Rencontre mercredi soir
Seule éclaircie à la veille du sommet, une rencontre mercredi soir à Niamey entre le général Abdourahamane Tiani et l'ex-émir de l'Etat nigérian de Kano Sanusi Lamido Sanusi, un proche du président du Nigeria Bola Tinubu.
"Nous sommes venus en espérant que notre arrivée va ouvrir la voie à de vraies discussions entre les dirigeants du Niger et ceux du Nigeria", a déclaré l'ex-émir, précisant cependant ne pas être un "émissaire du gouvernement" nigérian.
afp/ami
Au Niger, "un climat de désinformation", selon Pauline Bend
Pauline Bend est responsable pour le Sahel au sein de la Fondation Hirondelle et supervise ses activités au Niger, au Burkina Faso et au Mali. Cette organisation suisse à but non lucratif mène des programmes pour informer les populations de ces pays.
La Matinale a invité jeudi Pauline Bend à faire le point sur le travail des journalistes au Niger, dont ceux de la fondation, qui s'expriment au travers du Studio Kalangou, un journal quotidien de deux heures diffusé par des radios partenaires en cinq langues.
La responsable fait état d'un contexte délicat, qui oblige à "marcher sur des œufs". Quelques incidents ont eu lieu au début, tels que des caméras cassées lors de rassemblements au siège du parti du président renversé Mohamed Bazoum. "Mais, jusque-là, il n'y a pas eu de mouvement de répression contre les journalistes", indique Pauline Bend.
"En mode de vigilance"
"Mais, évidemment, dans ce type de contexte, il y a beaucoup d'inquiétude", souligne la responsable. Elle décrit "un climat de désinformation où tout le monde peut être pointé du doigt".
Résultat, "nous sommes entrés en mode de vigilance", déclare-t-elle. "Plus que jamais, il faut faire très attention à ce qui sort sur les ondes, parce qu'on ne sait pas comment cela va être perçu, mais surtout comment cela peut être déformé. Si quelque chose est dit à l'antenne, et que ce n'est pas contextualisé ou remis avec tout ce qu'il faut comme équilibre, on ne sait pas comment cela peut être manipulé", relève-t-elle.
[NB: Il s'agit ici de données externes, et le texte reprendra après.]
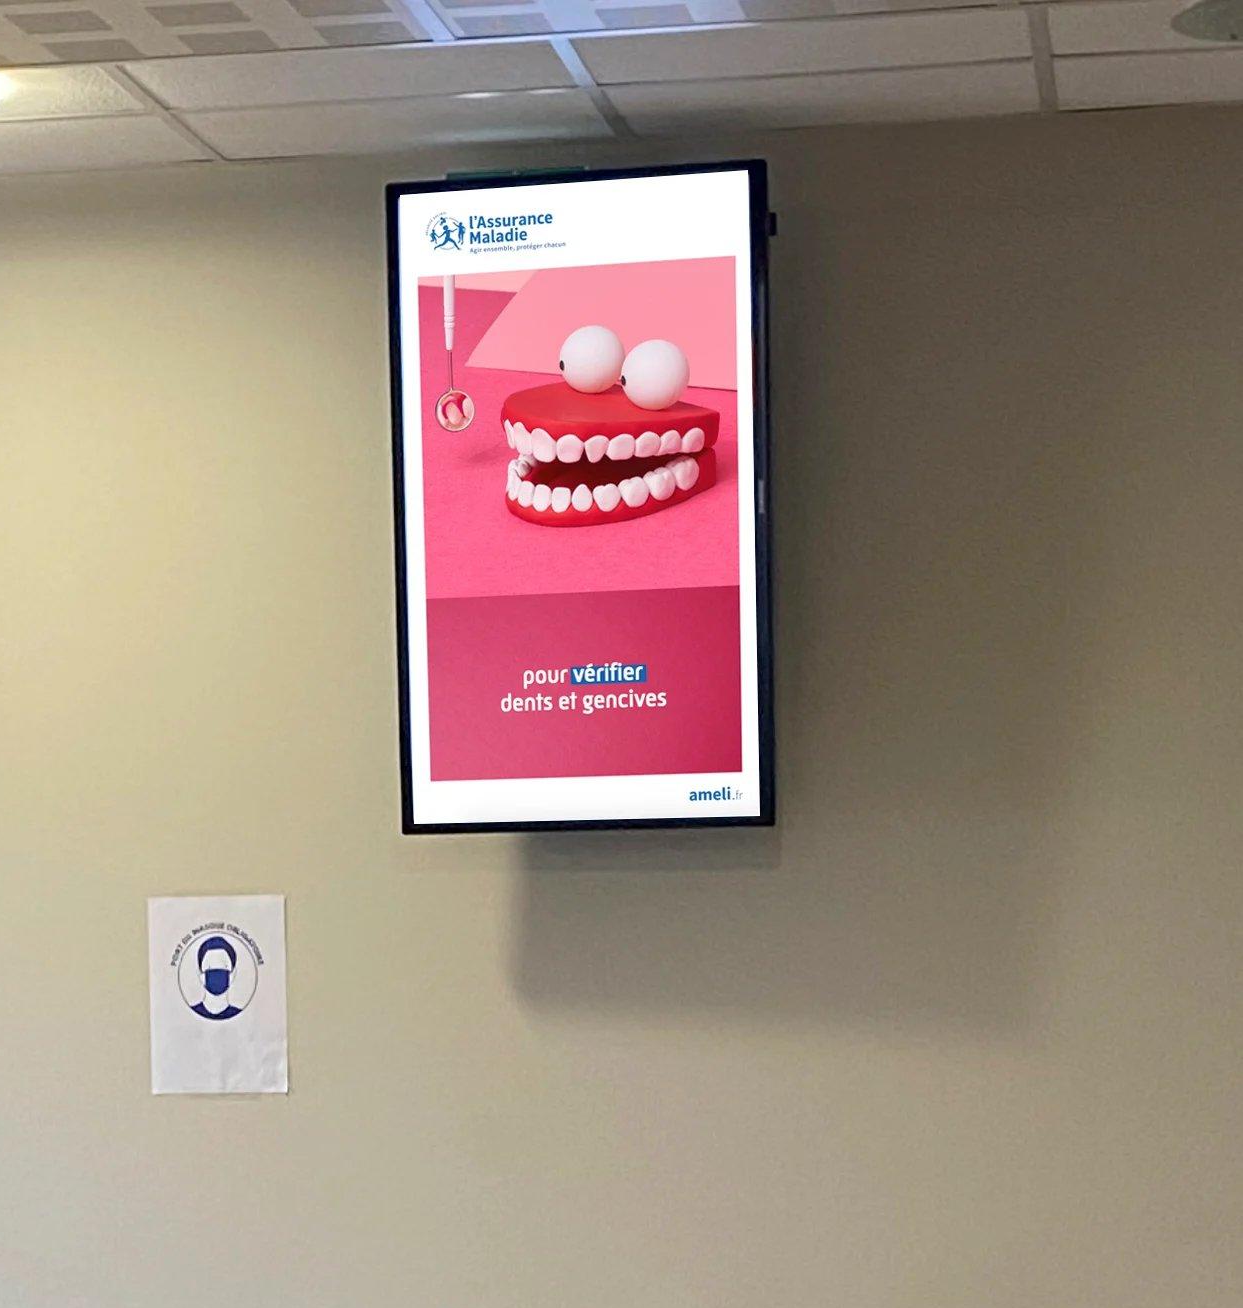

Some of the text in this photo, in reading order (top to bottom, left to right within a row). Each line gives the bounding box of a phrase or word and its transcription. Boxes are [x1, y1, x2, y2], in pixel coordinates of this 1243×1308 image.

Diversité des points de vue
Pauline Bend insiste sur le droit à l'information et à l'expression des divers avis présents dans la population. Elle rappelle que la Fondation Hirondelle et le Studio Kalangou ont pour missions d'informer le plus grand nombre et de représenter la diversité des points de vue. A l'heure actuelle, faire une "information équilibrée" est un défi majeur des journalistes.
"Notre focus est vraiment sur le plus grand nombre, les besoins d'information et l'intérêt des Nigériens, avant l'intérêt de tout groupe politique. C'est cela qui a, d'une certaine manière, protégé le studio Kalangou. On espère que, comme au Mali ou au Burkina Faso [où des coups d'Etat ont eu lieu ces dernières années, ndlr], nos médias ne seront pas inquiétés, grâce aussi à leur ancrage national", dit-elle encore.